PROBLEM STATEMENT =
Set every entry down again exactly, excluding any pictures.

RECORDS SHOWN Block Start

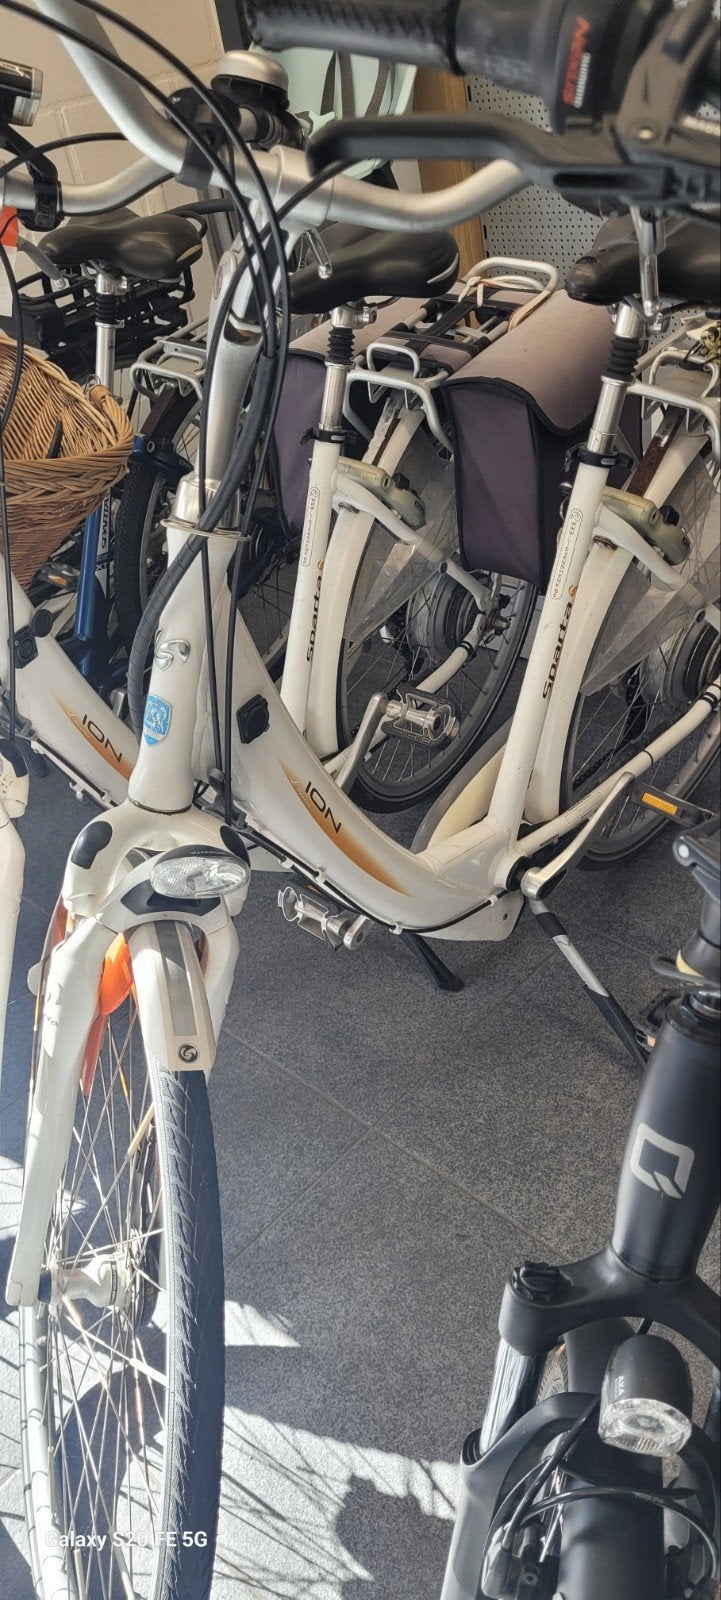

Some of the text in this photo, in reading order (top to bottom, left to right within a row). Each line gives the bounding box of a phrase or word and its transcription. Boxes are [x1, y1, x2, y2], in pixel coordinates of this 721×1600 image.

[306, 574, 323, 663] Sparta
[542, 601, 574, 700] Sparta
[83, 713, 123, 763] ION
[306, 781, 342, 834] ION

RECORDS SHOWN Block End

YOUR RESPONSE =
Some of the text in this photo, in reading order (top to bottom, left to right within a row). Each line gives the bounding box of a phrase or word and its transcription. Boxes are [x1, y1, x2, y2], in pixel coordinates of this 721×1600 image.

[306, 574, 323, 663] Sparta
[542, 601, 574, 700] Sparta
[83, 713, 123, 763] ION
[306, 781, 342, 834] ION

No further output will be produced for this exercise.